Last week Brazil’s cotton industry hit the headlines. Vogue Business and BoF both ran stories on how the certification body Better Cotton had been caught with its pants down. According to the NGO Earthsight, Better Cotton is sourcing from Brazilian agrobusiness linked to deforestation and human rights abuses. When you are buying a t-shirt and you flip the label to see a ‘Better Cotton” certification, you think you are doing the right thing. Zara and H&M source much of their cotton through this initiative - and label it so. Earthsight’s revelations precipitated stinging letters from these brands: the only transparency they can have on their complex and varied supply chains is through third party bodies like Better Cotton. Better Cotton’s reputation now stands in tatters.
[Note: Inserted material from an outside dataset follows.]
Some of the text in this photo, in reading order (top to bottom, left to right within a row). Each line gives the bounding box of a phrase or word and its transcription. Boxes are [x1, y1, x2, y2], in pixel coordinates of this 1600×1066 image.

Sebastien Kopp and Francois Morillion have seen all of this. When they were looking for a way out of banking, they knew only one thing - banking was boring. Friends from school, (and unlikely friends - Sebastien is serious and precise, Francois jovial and warm), they thought there must be a better, more interesting way to do business and enjoy life. Money, they agreed, wasn’t the end - it was just the means. So they set off on a year long expedition to study business models for sustainable living. They toured the world looking for inspiration, concluding that a Brazilian fairtrade coffee model seemed the closest to ‘good business’ - giving small farmers a direct and well paid route to market. Now they just needed their own crop, and then a product. They swapped coffee for cotton and rubber, and as they were both obsessed with sneakers, designed a canvas shoe. The brand was named Veja (meaning ‘look’) and they set about designing the perfect supply chain model.
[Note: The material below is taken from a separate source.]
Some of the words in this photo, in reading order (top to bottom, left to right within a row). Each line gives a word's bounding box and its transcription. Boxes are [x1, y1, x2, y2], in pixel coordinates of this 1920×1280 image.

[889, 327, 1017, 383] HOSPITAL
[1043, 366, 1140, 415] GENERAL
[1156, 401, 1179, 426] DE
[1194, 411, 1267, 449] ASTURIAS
It is Francois who brought me to Valquíria’s house, and the easy way he chats with her mother, cuddles her cat and jokes about his love of cakes makes you understand how this supply chain relationship works. He, and his on-the-ground team, visit these farmers all the time. They know them all, personally, their families, their fields. Seventeen years later, Veja sells 4 million pairs of shoes a year, using natural rubber sourced from the Amazon, recycled plastic from rubbish collectors in Rio and as much of its cotton as it can from co-operatives like Valquíria’s. Francois is big with the hugs, quick with the jokes, adores everyone he meets and listens - really listens - when they talk. “We can learn so much from these people,” he remarks following a long and involved conversation about the biduca pest, the blight of the cotton plant. (These farmers pick the biduca off by hand, but by planting rows of cotton alternately with corn, they stop the pest spreading). His farmers are paid three times the market price for their cotton, and the rubber farmers five times, to match the offers they are getting from loggers to take the forest off their hands - “rough justice” pricing, as he calls it. They make a 10-15% profit margin on each shoe because everything goes back into their supply chain. Nike is probably making an 80% margin, ploughing their profit into sports stars and ad campaigns. Ever tempted to do some of the same, I ask him? He looks at me as if I’m mad: “Where would be the fun in that?” he says, before tucking into a farm breakfast and horsing around with his local supply team.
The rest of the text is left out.